Of the drawings interspersed among the columns of text, one shows Cook's ship Endeavour. On the ship is mounted a saw blade with its associations of deforestation, and from the top of the mast circles of red drop down. They recall Allen Curnow's magical line from his poem about Tasman's visit, "The stain of blood that writes an island story." This work was initially shown in London.
Other pieces in the show take up aspects of this large impressive work. They are done in ink, an unforgiving medium when used on paper, but Ormsby's hand never falters in the impressive detail and intricate patterns. All the drawings are concerned with history and national identity. At a time when art is overwhelmingly international, they are something very precious for this country.
There is a mystical element in the refined work of Kazu Nakagawa at the Bath Street Gallery. He has long been resident in New Zealand and became prominent for his exquisitely crafted furniture in wood. In recent years he has made sculpture in wood. The works are small in scale with pale scrubbed surfaces, sometimes with canvas glued to give subtle texture and accentuated with carved details in black.
The series are conceived as symbols of a set for a play about life. They are often very beautiful although carry a weight of thought.
The making of the works is very precise. In Moon and Remnant the two parts fit together exactly when the work is closed. When they are opened they reveal classical lettering.
The narrow staircases that are a feature lead from one stage of being to another related state. The three Temples of the Moon, Sun and Tide are excellent examples. The meditated simplicity and calm of this work captures something of the essence of life.

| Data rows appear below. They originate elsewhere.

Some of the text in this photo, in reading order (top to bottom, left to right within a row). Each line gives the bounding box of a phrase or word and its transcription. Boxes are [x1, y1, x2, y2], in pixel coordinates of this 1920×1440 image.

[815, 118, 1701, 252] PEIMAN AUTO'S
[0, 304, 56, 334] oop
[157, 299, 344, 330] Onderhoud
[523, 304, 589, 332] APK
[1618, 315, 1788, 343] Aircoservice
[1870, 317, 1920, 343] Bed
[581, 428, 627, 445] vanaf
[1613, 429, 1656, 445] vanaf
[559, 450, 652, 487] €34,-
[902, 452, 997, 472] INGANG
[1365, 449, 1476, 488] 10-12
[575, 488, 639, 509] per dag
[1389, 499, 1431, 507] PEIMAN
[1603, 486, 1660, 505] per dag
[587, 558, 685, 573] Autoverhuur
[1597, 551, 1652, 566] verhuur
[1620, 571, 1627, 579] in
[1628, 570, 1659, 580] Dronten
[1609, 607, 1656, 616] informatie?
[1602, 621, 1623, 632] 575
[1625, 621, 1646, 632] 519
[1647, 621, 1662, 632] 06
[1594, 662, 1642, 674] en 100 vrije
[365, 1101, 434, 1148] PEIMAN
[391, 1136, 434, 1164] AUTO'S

Life as a child seen through the spectacles of adulthood is the subject matter of the surreal work of another immigrant artist, Joon Hee Park, at Orexart. This vivid exhibition has works full of sharp detail, generally of toys, all observed by a childlike figure with an adult face. There is just enough knowingness in the face to bear comparison with Paula Rego, the British painter who does similar situations but with more savage tensions.
The work is at its most obvious in Temptation where the figure sits by a window surrounded by large lollies, mostly liquorice allsorts in bright colour. The still-life realism of much of the work is carried out with consistent accuracy, with snail shells, lobsters, dolls or even jellyfish in Jellydream.

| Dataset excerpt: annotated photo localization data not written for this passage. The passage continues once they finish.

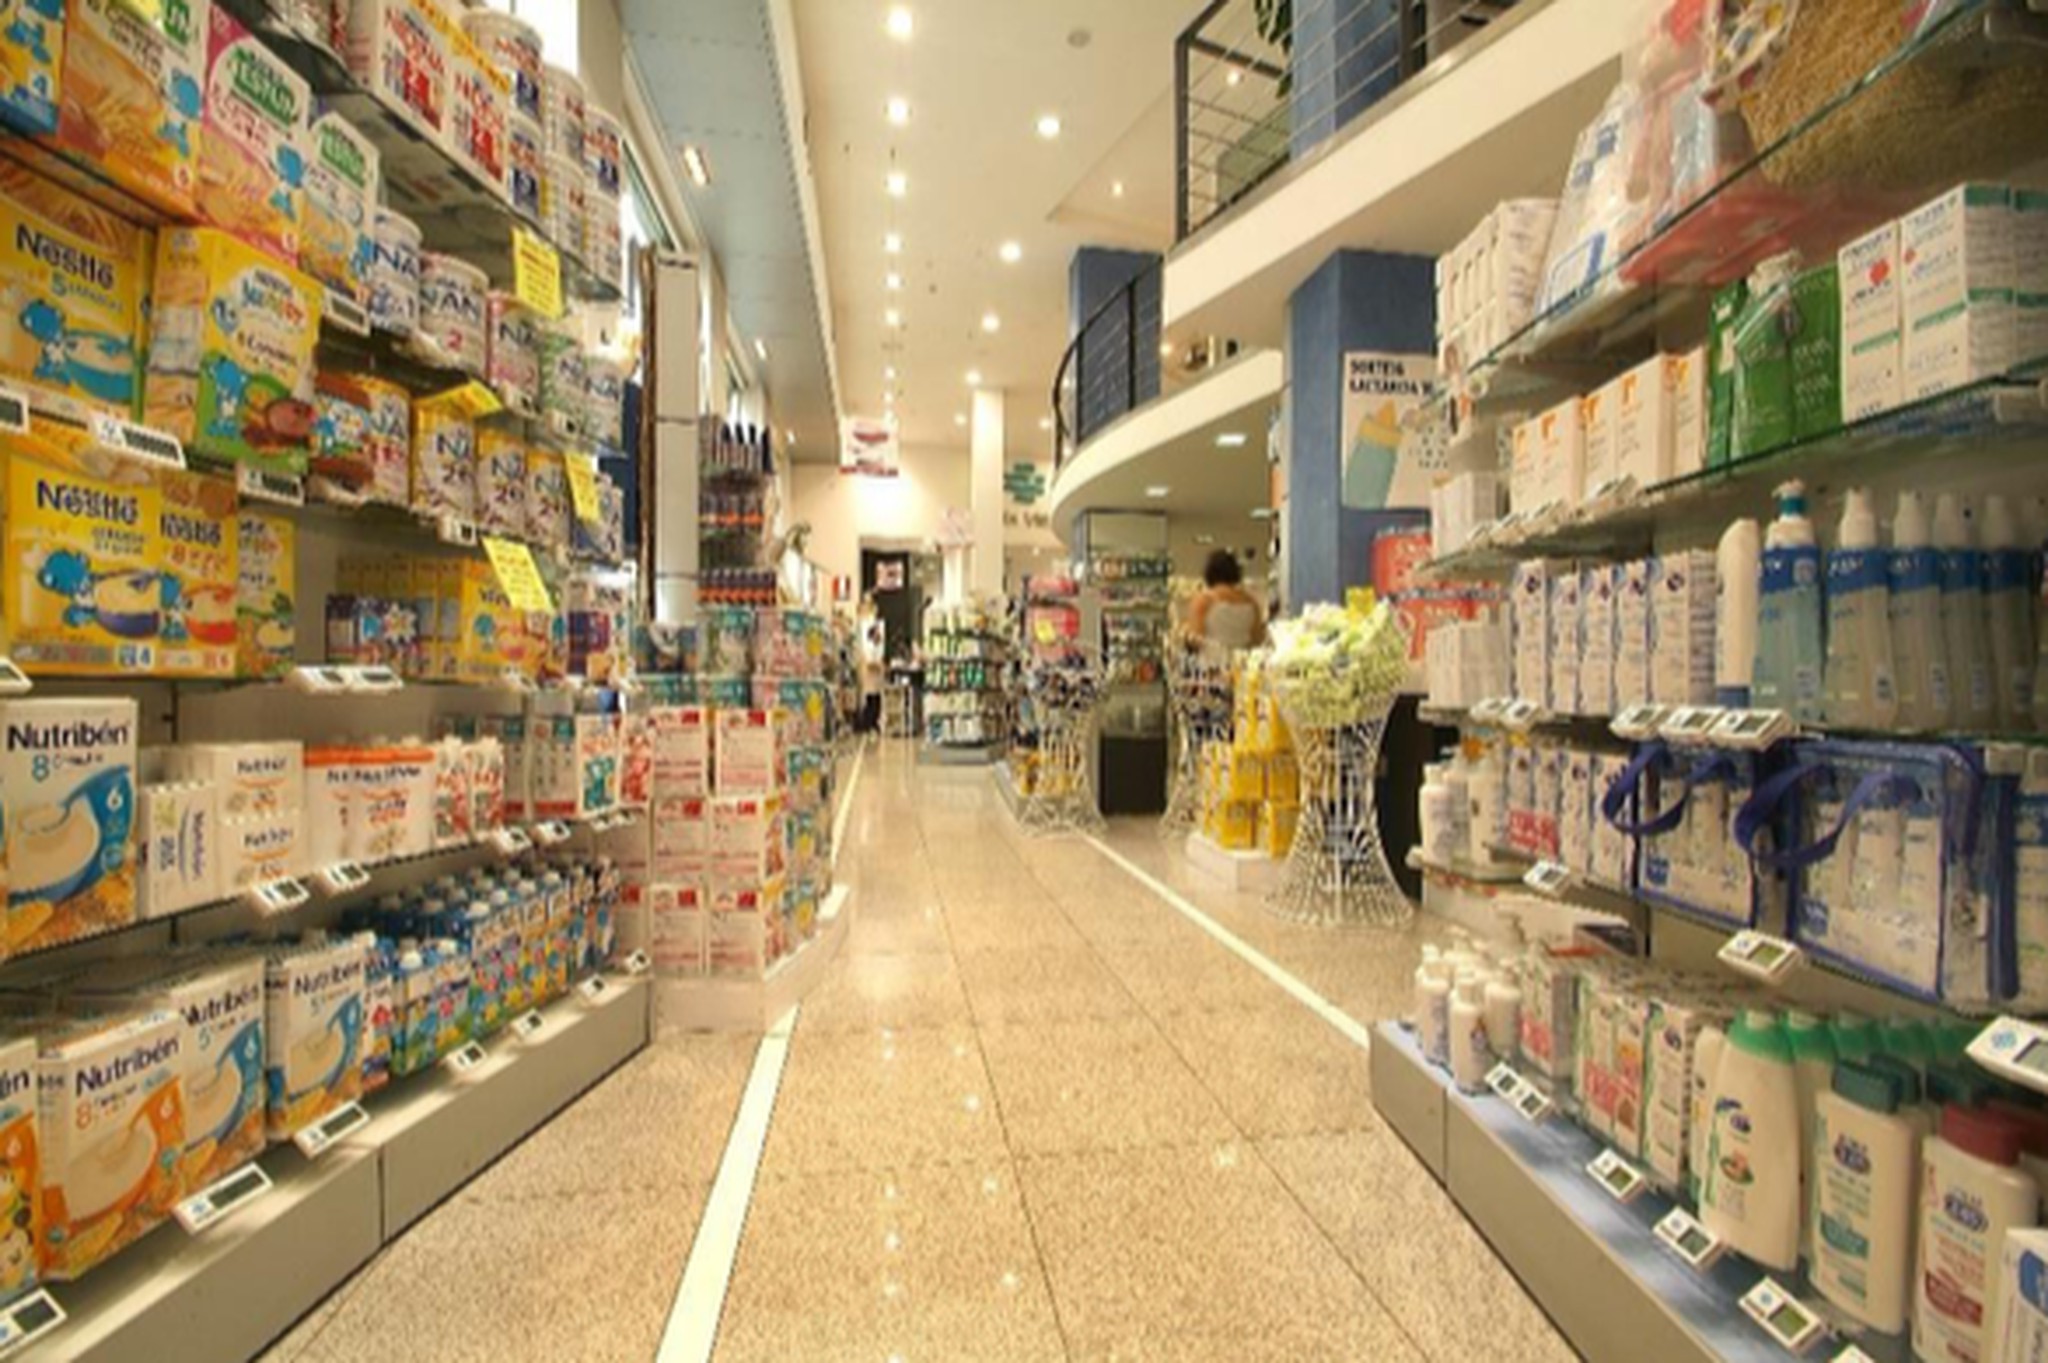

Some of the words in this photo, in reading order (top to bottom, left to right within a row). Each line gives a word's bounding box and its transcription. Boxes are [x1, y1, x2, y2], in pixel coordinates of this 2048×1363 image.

[15, 222, 115, 291] Nestlé
[36, 479, 139, 526] Nestlé
[8, 721, 129, 752] Nutribén
[32, 754, 49, 782] 8
[75, 1032, 181, 1097] Nutribén
[75, 1101, 93, 1131] 8

This makes some paintings very static. An exception is Spiky Journey where the girl is floating over hill and lake in a teacup supported by an accurately painted, smiling puffer fish. Here the Alice in Wonderland quality really takes off.

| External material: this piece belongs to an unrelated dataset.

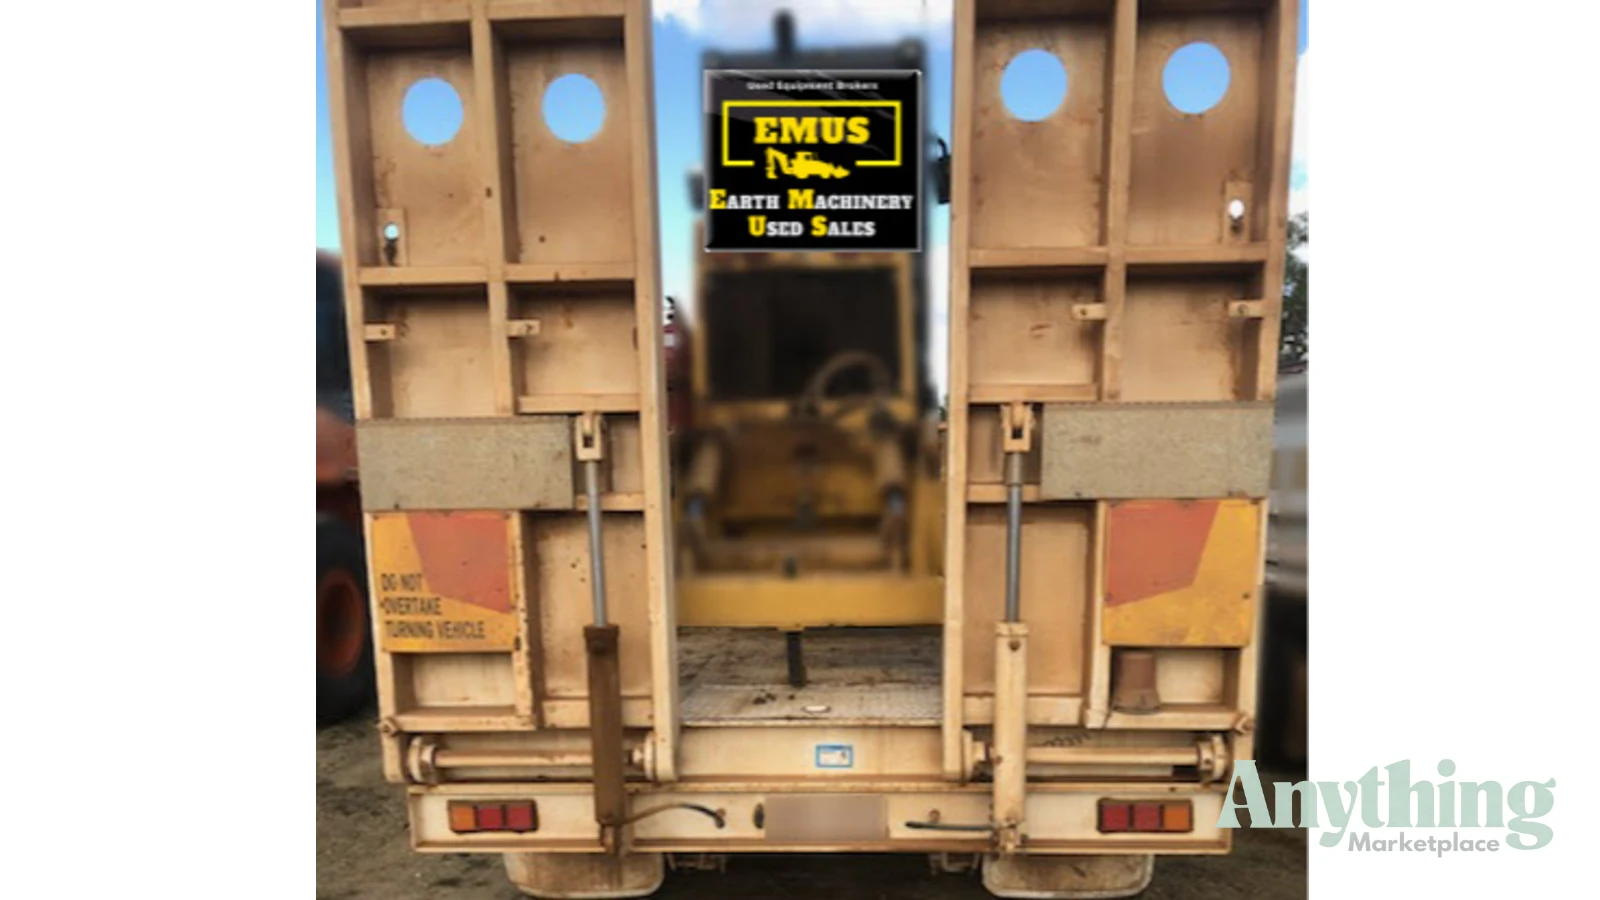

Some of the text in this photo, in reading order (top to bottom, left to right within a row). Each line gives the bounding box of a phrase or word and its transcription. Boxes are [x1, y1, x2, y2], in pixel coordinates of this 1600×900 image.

[381, 573, 422, 591] DO NOT
[384, 597, 442, 615] OVERTAKE
[385, 620, 486, 639] TURNING VEHICLE

Artists manifest energy in various ways. There is just time to catch the exhibitions at Two Rooms Gallery that show this. Downstairs Judy Darragh's SCI FI is one of her best exhibitions yet.
She takes the big PVC banners that advertise action films and obscures their titles, retains some of their details but gives them abstract energetic drive with powerful flashes of white and colour, red-rimmed spheres, tiny glass balls and tape.
The transformation doubles the power of the image and makes it general rather than particular.
Upstairs is work by a prominent British artist, Alexis Harding. He gets startling visual drama from the chemical mismatch between artists' oil paint and household enamel. This collision causes skinning, wrinkling and a spectacular surface. Harding uses the process to such good effect that he won the prestigious John Moores Painting Prize.
At the galleries
What: Work on Paper by James Ormsby
Where and when: Whitespace, 12 Crummer Rd, Ponsonby, to December 1
TJ says: Material drawn from illuminated work by an ancestor in the 13th century is combined with Maori tradition using Ormsby's unique drawing style.
What: If Things Were Perfect by Joon Hee Park
Where and when: Orexart, Khartoum Pl, to December 1
TJ says: Sharply painted surreal dreams of the temptations and memories of childhood.
What: A Play and Land by Kazu Nakagawa
Where and when: Bath Street Gallery, 43 Bath St, Parnell, to December 1
TJ says: Small, simple, immaculately made sculpture that carries a weight of thought and feeling with classical simplicity.
What: SCI by Judy Darragh; The Long Room Drying Depot by Alexis Harding
Where and when: Two Rooms, 16 Putiki St, to November 24
TJ says: Judy Darragh spectacularly adds explosive abstract energy to film posters; English painter Alexis Harding makes colourful use of the chemical interaction of artists' oil and household enamel paint.